Masking: Double (Participant, Outcomes Assessor)
Masking Description: The sham is created by putting a piece of aluminum foil over the light-emitting diode. It will be placed there or not placed there by a 3rd party so that neither the participant nor the outcomes assessor will know the condition of the study.
Primary Purpose: Treatment
Official Title: A Project to Test The Efficacy And Safety Of An Innovative Treatment Of Opiate Use Disorders
Actual Study Start Date : November 12, 2019
Actual Primary Completion Date : March 30, 2021
Actual Study Completion Date : March 30, 2021

Resource links provided by the National Library of Medicine

Arm Intervention/treatment
Active Comparator: Reduction in opioid cravings and use
These participants will receive twice-weekly transcranial photobiomodulation with and 810 nm LED for 4 min for a delivery to the brain of 2.1 J/cm2. The treatment will last 4 weeks. We anticipate a 60% reduction in opioid cravings in this group. We anticipate a reduction of at least 1.6 days of use per week on average.
Device: supra-luminous LED
810 nm light-emitting diode for the delivery of 2.1 J/cm2 to the brain.
Other Name: unilateral trancranial photobiomodulation, near-infrared mode

Placebo Comparator: Small reduction in opioid cravings and use
Sham condition.
Device: Sham
Light-emitting diode covered with aluminium foil

Primary Outcome Measures :
  1. Change in Opioid Craving Scale [ Time Frame: One year ]
    a published 3 question scale of opioid cravings. Each question asks the patient to rate his opioid cravings at the present time from 0 (none) to 9 (extreme). We use the average of the scores of the 3 questions. A low score is best.

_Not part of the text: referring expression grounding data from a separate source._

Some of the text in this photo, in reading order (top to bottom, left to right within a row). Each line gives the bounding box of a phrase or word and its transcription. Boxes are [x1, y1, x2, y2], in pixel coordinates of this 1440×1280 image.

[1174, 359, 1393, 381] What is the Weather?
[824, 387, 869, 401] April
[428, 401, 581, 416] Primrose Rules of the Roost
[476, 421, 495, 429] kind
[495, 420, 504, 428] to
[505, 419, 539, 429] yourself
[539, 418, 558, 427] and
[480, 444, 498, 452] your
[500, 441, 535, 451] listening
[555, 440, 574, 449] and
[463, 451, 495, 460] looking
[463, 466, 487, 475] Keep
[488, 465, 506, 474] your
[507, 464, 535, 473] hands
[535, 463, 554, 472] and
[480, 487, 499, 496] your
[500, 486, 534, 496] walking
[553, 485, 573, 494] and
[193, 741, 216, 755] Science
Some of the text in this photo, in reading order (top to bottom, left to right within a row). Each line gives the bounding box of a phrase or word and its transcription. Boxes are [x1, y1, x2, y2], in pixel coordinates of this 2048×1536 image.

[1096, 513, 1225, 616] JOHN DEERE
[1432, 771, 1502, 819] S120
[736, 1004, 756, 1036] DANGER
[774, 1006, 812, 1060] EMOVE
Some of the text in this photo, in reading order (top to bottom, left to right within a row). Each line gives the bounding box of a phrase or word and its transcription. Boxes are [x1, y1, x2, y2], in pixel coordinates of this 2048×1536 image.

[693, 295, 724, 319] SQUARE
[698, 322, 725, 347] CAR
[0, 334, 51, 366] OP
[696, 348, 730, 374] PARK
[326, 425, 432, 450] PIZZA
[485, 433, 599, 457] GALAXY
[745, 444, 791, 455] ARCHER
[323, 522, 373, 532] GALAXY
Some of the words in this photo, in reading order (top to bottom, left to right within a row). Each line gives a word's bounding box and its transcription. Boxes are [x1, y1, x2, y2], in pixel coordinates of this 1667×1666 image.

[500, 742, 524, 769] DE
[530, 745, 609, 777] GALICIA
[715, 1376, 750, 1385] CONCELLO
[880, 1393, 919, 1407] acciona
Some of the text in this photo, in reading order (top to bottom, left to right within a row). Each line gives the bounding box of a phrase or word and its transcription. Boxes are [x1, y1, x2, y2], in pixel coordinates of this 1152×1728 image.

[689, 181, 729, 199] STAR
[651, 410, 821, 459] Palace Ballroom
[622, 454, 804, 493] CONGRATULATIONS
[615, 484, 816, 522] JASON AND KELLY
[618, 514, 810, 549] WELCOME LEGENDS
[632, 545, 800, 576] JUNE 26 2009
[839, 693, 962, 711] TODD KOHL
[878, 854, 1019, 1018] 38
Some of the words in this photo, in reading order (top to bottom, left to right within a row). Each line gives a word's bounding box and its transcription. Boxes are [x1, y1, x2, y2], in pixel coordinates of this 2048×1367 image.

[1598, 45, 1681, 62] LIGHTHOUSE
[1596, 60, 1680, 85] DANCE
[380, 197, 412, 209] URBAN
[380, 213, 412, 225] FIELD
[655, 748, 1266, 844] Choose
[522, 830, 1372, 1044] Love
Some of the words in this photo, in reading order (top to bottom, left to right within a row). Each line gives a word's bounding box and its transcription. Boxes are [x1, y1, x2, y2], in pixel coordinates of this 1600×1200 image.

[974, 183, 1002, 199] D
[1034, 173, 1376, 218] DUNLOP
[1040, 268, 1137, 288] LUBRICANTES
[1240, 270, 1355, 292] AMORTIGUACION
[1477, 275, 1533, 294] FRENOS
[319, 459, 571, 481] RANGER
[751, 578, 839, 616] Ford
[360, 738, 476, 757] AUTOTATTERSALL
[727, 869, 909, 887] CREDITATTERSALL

  2. Change in Opioid drug use [ Time Frame: One year ]
    TimeLine FollowBack method, measures the daily amount of opioid drug use (mg's of pills or grams used) for the period between observations.

Secondary Outcome Measures :
  1. Change in Patient reports of opioid use by TimeLine FollowBack method [ Time Frame: One year ]
    patient reports supported by urine drug screens and a drug hair test at the end of the study

Information from the National Library of Medicine

Choosing to participate in a study is an important personal decision. Talk with your doctor and family members or friends about deciding to join a study. To learn more about this study, you or your doctor may contact the study research staff using the contacts provided below. For general information, Learn About Clinical Studies.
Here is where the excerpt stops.